Medicare Advantage Plans: Advantages & Disadvantages

Medicare Advantage Plans: Advantages & Disadvantages

- in Boomer

Medicare Advantage plans, also known as Medicare Part C, are sold by private insurance. Part C combines original Medicare coverage and provides additional benefits. While some Part C plans offer better care, plan flexibility, and long-term savings, others can lead to additional costs and fewer provider options.

Even though Medicare Advantage plans are a substitute for original Medicare, it comes with underlying advantages and disadvantages. So, without further ado, let’s dive in and uncover these pros and cons. But before that, you need to be aware of the different types of Medicare Advantage Plans.
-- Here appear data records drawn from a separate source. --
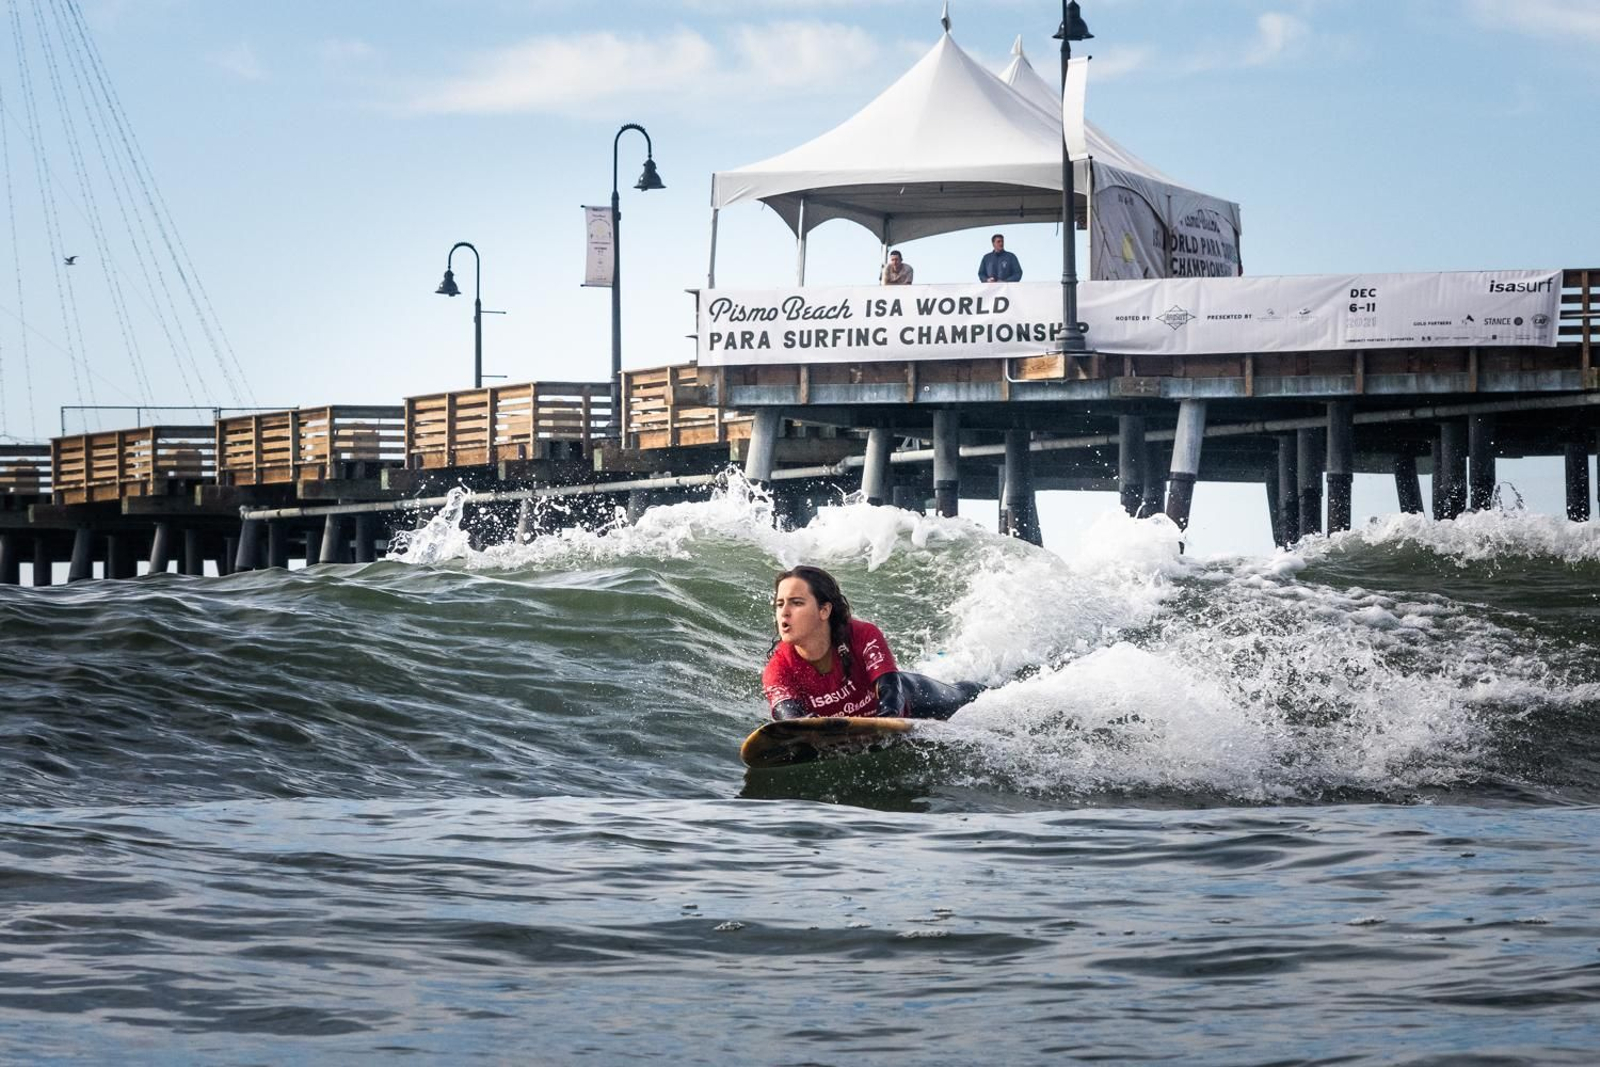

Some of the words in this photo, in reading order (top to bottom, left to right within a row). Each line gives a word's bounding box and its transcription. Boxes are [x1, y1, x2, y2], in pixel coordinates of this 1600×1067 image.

[1349, 288, 1377, 298] DEC
[1489, 277, 1554, 294] isasurf
[708, 297, 779, 323] Pismo
[781, 295, 853, 322] Beach
[865, 298, 904, 318] ISA
[916, 296, 1010, 316] WORLD
[1348, 302, 1376, 312] 6-11
[1484, 317, 1511, 326] STANCE
[709, 330, 771, 351] PARA
[783, 327, 888, 348] SURFING
[899, 321, 1090, 345] CHAMPIONSHP
[808, 680, 857, 708] isasurf
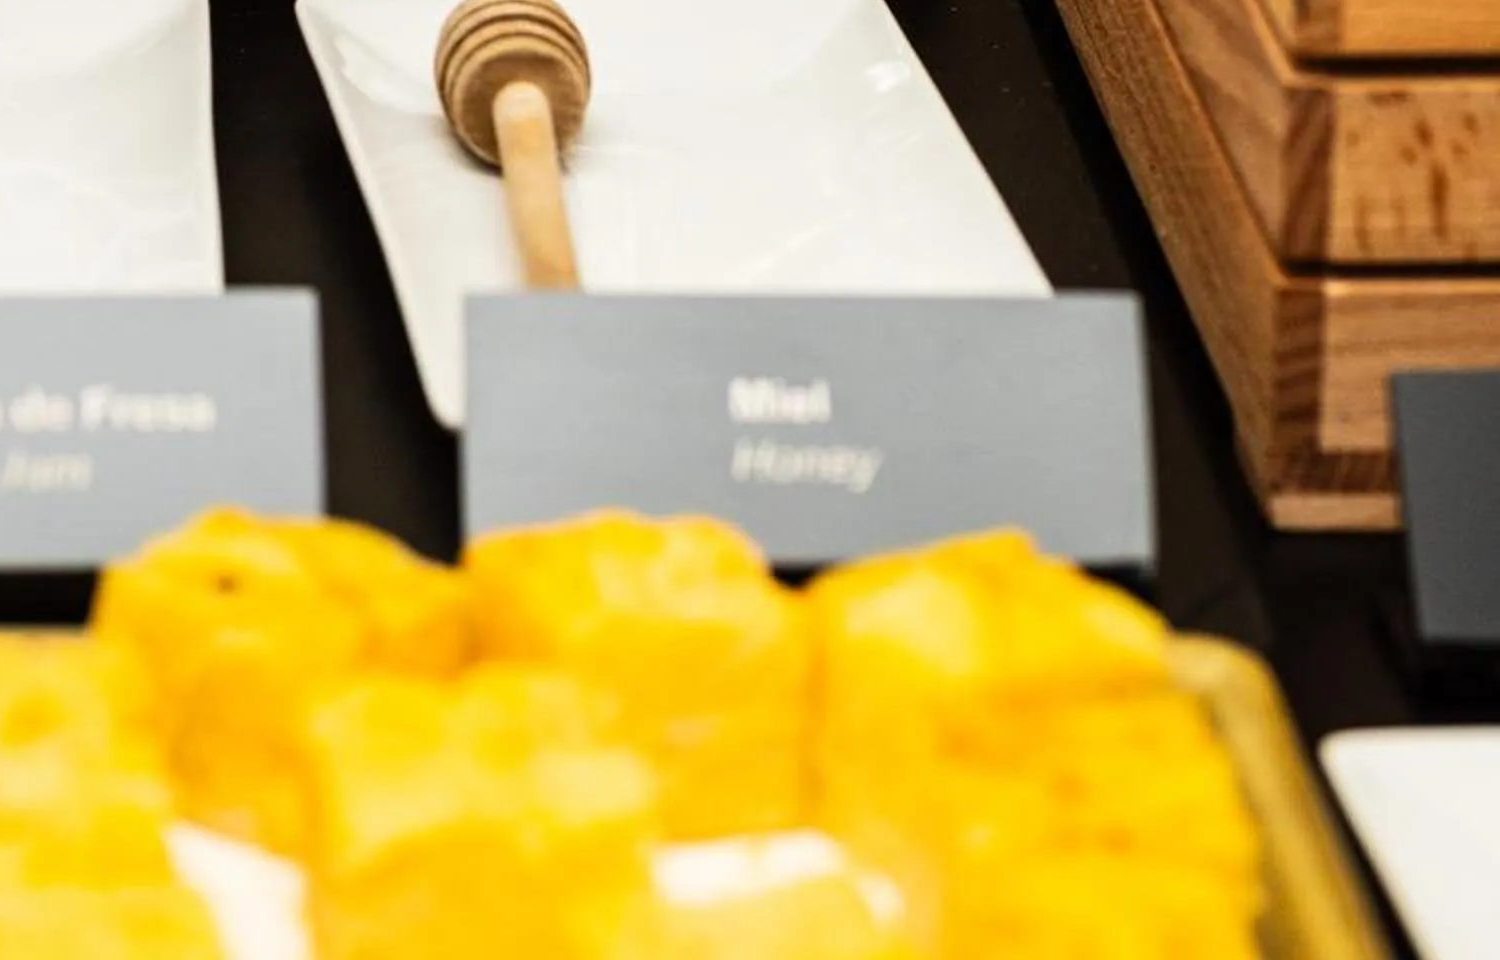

Types of Medicare Advantage Plans

  • Preferred Provider Organization (PPO). This kind of plan provides flexibility for individuals who need coverage services from both in- and out-of-network providers. With this kind of plan, you can visit any provider of your choice.
  • Health Maintenance Organization (HMO). These plans are built around in-network care. What this means is that you are provided with a list of providers to choose from. In the event you opt for a provider out-of-network, be sure to pay more.
  • Provider Fee-for-Services (PFFS). PFFS covers services provided by original Medicare (Part A and B). PFFS gives you the chance to select your specialist.
  • Medical Savings Account (MSA). These are plans paired with high-deductible health plans.
  • Special Needs Plan (SNPs). This plan covers your hospital stays, doctor’s visits, and medications, plus other services you may require in the management of your health. The advantage of this plan is that it provides extra services depending on your unique healthcare needs.

Advantages of Medicare Advantage Plans

  1. Personalized Plan Structures

Part C plans provides different types of plans depending on one’s needs or personal situation. For instance, SNP Advantage plans can assist with medical costs, especially for those suffering from chronic health conditions.

In case you prefer provider freedom, PFFS or a PPO plan may just be what you need, and if you need extra services like vision, dental, or hearing, most Part C plans include them.

  1. Convenient Coverage Options

It’s without any doubt that Original Medicare only provides hospital and medical insurance coverage. This means that if you need extra services, you’ll be required to purchase Medicare Part D (prescription drug coverage). However, with Medicare Part C plans, all your coverage options are put together in a single convenient plan.

  1. Cost Saving Opportunities

Most Medicare Advantage plans have low to no deductibles. Additionally, most of them do not have premiums. You can learn more about Medicare Advantage plans here.

Another beauty of these plans is that they have set limits on the out-of-pocket costs you are required to pay annually.

Furthermore, research has shown that you can save money on medical equipment and lab services, simply by switching to the Medicare Part C plan.

  1. Coordinated Medical Care

Part C plans are well-known to include coordinated medical care. What this means is that your healthcare specialist actively gets in touch to synchronize your care between specialists and varying kinds of services. This is very important as it ensures that you have a healthcare team, thus, helping avoid unnecessary expenses.

In a certain study, researchers pointed out that coordinated care was linked with a positive medical staff experience and higher patient ratings.

Disadvantages of Medicare Advantage

Additional Costs for Coverage

Medicare Part A and B charge a deductible, premium, and coinsurance, plus any Medigap coverage costs. When it comes to Part C plan, it often combines these costs, however, you may notice extra fees. For instance, most Medicare Part C plans include specialist visits and deductibles.

State-Specific Coverage

Contrary to Original Medicare plans which are offered across the United States, Medicare Advantage is only provided in specific service areas. This means that if you transfer to a new service area, your contemporary plan may not be available.

Limited Service Providers

By choosing certain plan types, such as Health Maintenance Organization (HMO), you limit yourself to the number of service providers you can see. Moreover, you can incur higher fees if you opt for an out-of-network provider.

While other plans can give you more provider options, you may suffer from higher fees (like deductibles and copays) and premiums.

Referrals Required

Some Medicare Advantage plans require referrals for patients to seek care. Needing a referral can make a patient feel restricted in their healthcare options. For such reasons, patients need to review the plans available and select the ones that best fit their needs. This ensures that they receive the type of coverage suitable for their healthcare needs.

Annual Plan Alterations

Because Medicare Advantage plans are provided by private insurance, the Centers for Medicare and Medicaid allow insurers to adjust their plans annually. These plan alterations may not favor some patients.

High Maximum Out-of-Pocket Limits

The average out-of-pocket costs are set to increase due to the Centers for Medicare and Medicaid Services setting a new cost of between $6,700 to $7,500.